Security researchers have identified a new, growing botnet dubbed Brain Food that is powered by thousands of compromised web servers. Proofpoint researchers say the botnet is named after the fake diet and intelligence boosting pills it helps sell that are used to disguise call to action URLs in spam emails.
Researchers said they have identified the Brain Food PHP script on over 5,000 compromised websites over the past four months, nearly 40% of which were hosted on five popular platforms such as GoDaddy, Unified Layer CyrusOne, OVH and Dreamhost.
The malicious URL is primarily spread via simple, but malicious emails with no subject and a basic personalized greeting. The email contains a Google-shortened URL that leads to a landing page that advertises the fake diet and intelligence boosting pills.

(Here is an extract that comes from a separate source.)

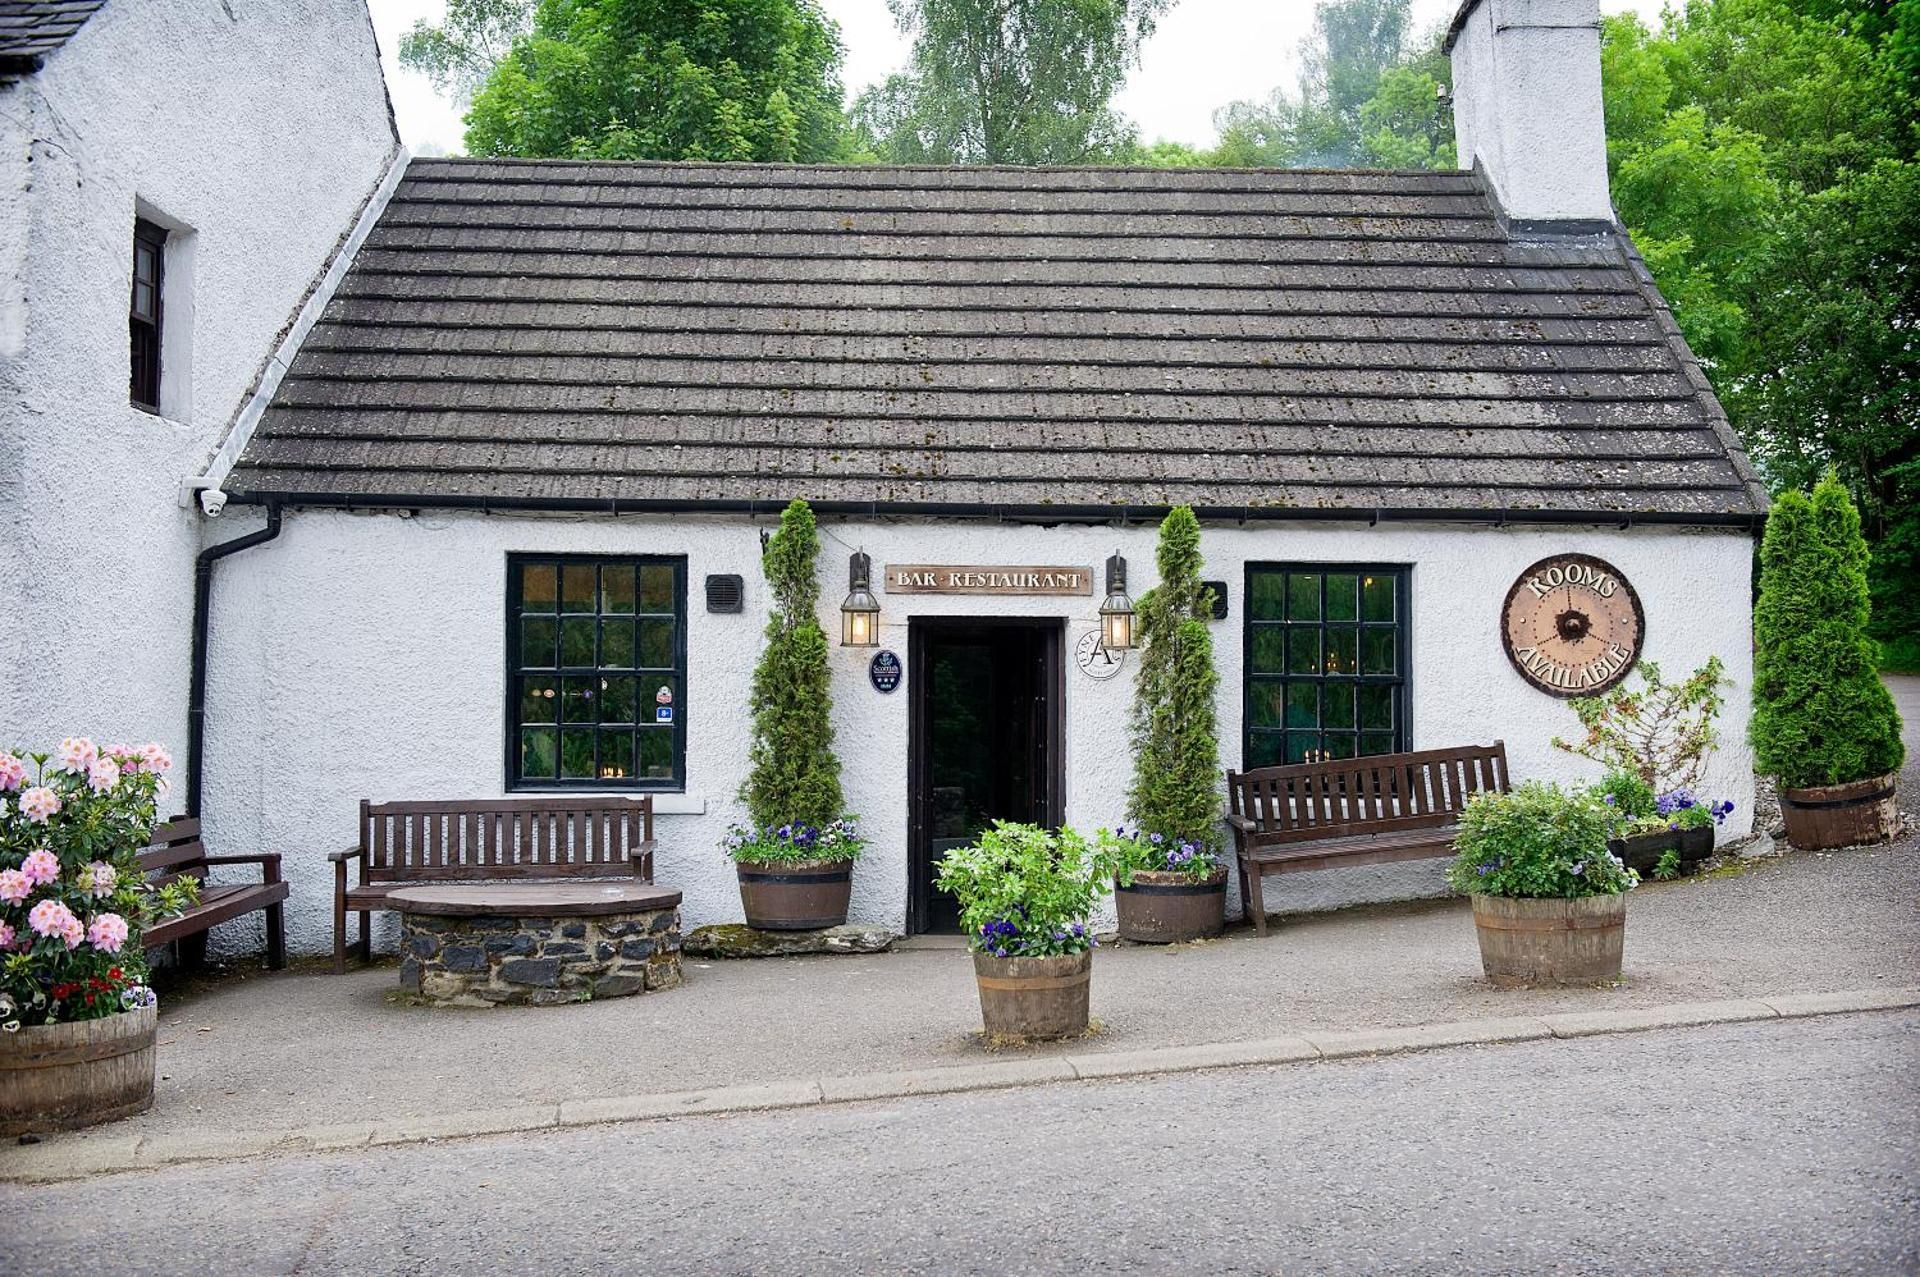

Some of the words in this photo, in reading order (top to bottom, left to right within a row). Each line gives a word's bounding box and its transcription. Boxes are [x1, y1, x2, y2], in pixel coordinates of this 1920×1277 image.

[897, 572, 937, 587] BAR
[949, 573, 1081, 588] RESTAURANT
[1526, 563, 1618, 599] ROOMS
[1516, 642, 1631, 689] AVAILABLE

These ads often featured stolen branding and claimed the product has been featured on popular TV shows such as Shark Tank to feign legitimacy and dupe victims. The image shows one example of a popular TV show’s branding stolen and used as final landing page advertisement in this campaign:
Image credit: Proofpoint
Further analysis revealed the script contains multiple layers of base64 encoding to avoid detection by security researchers and search engine crawlers. A recent version of the botnet malware uploaded to a malware repository was not detected by any antivirus engine, researchers said.

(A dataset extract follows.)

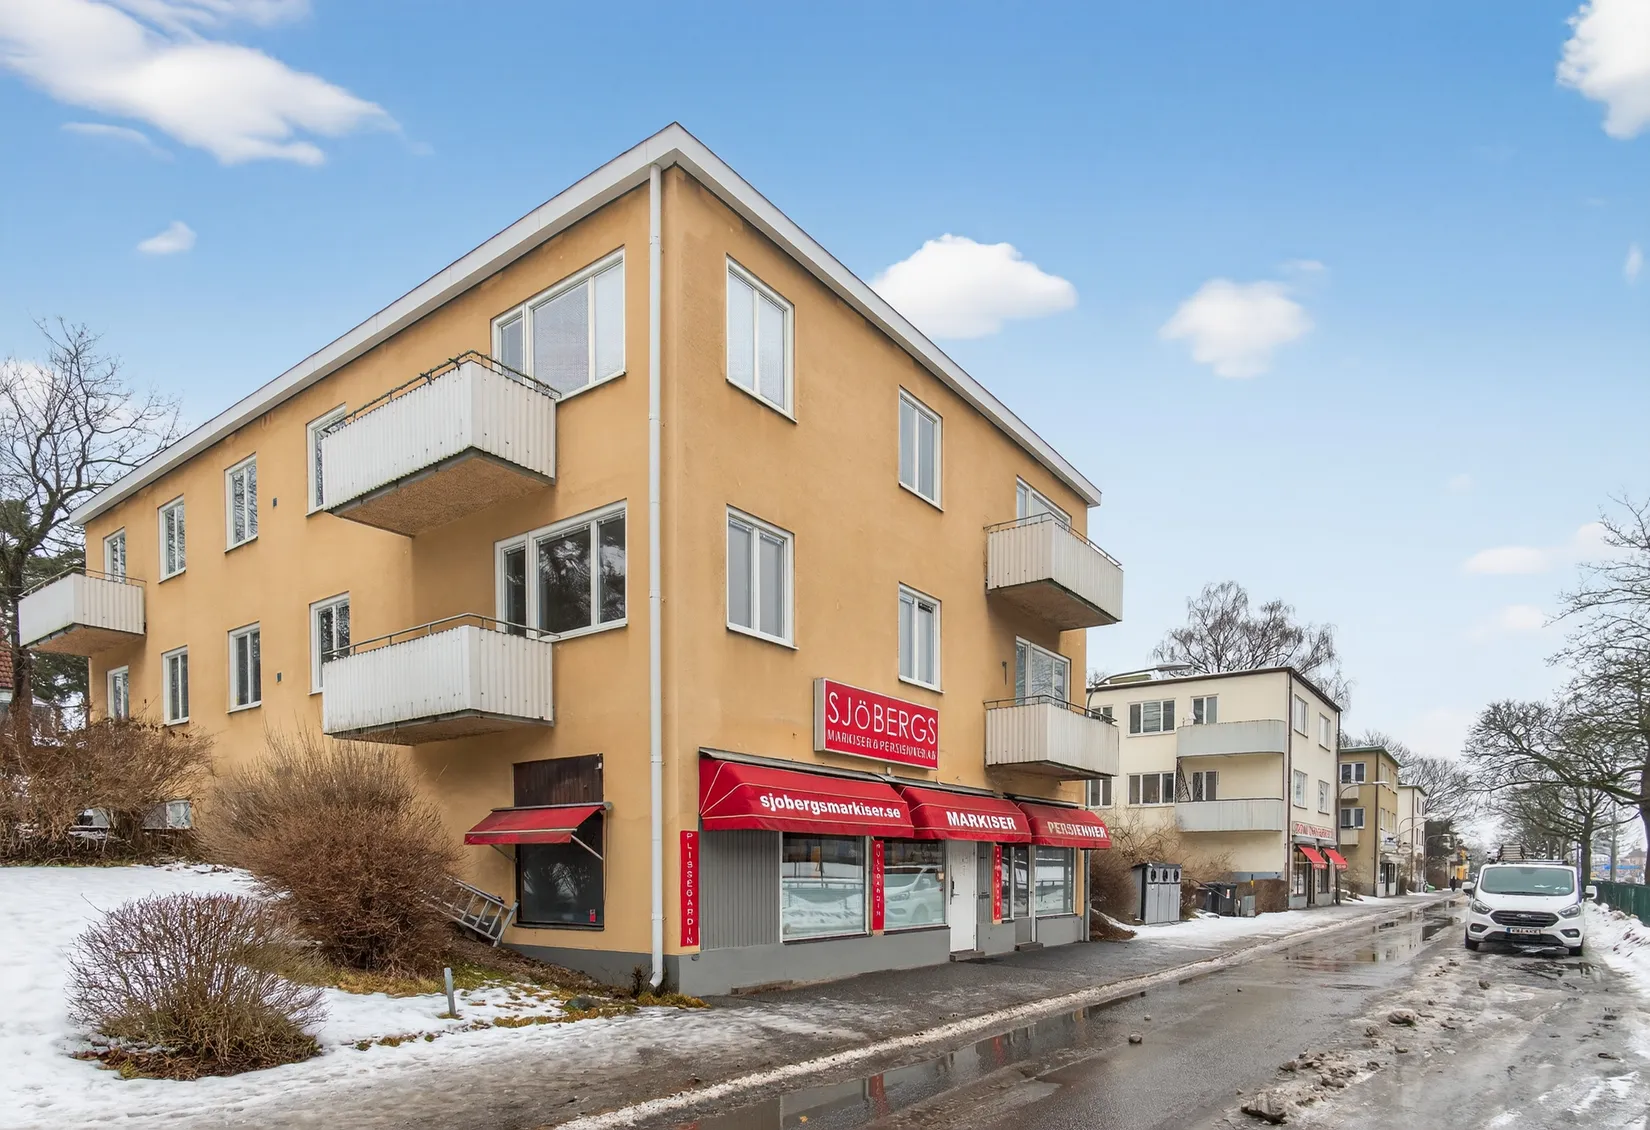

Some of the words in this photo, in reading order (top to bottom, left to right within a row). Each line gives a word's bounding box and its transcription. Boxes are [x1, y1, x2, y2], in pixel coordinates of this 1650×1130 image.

[828, 691, 936, 745] SJÖBERGS
[760, 793, 900, 818] sjobergsmarkiser.se
[946, 811, 1017, 830] MARKISER
[1047, 821, 1107, 839] PERSIENNER

The botnet’s operators can continuously monitor the malware’s statistics and actions via a remote C&C server, allowing them to easily switch the botnet to new landing pages or blacklist new URL’s simultaneously and flexibly. Researchers said the two script samples examined led to one of two C&C servers.

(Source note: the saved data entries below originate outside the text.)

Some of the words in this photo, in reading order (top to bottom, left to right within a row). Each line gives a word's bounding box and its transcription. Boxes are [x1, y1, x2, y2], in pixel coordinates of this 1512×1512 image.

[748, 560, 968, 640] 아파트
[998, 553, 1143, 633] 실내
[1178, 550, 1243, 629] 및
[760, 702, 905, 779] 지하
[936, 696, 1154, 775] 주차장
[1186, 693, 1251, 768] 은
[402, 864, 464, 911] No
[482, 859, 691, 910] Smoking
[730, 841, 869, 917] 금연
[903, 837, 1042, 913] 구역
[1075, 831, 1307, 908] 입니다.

“There is also a backdoor in the code that allows remote execution of shell code on web servers which are configured to allow the PHP 'system' command,” researchers noted. “The Brain Food botnet demonstrates a high degree of flexibility and sophistication, as operators can quickly shift landing pages and URL shorteners while flying under the radar of defenders and search engines. As always, good email hygiene and gateway or ISP-level protections are critical layers of defense against this type of fraud.”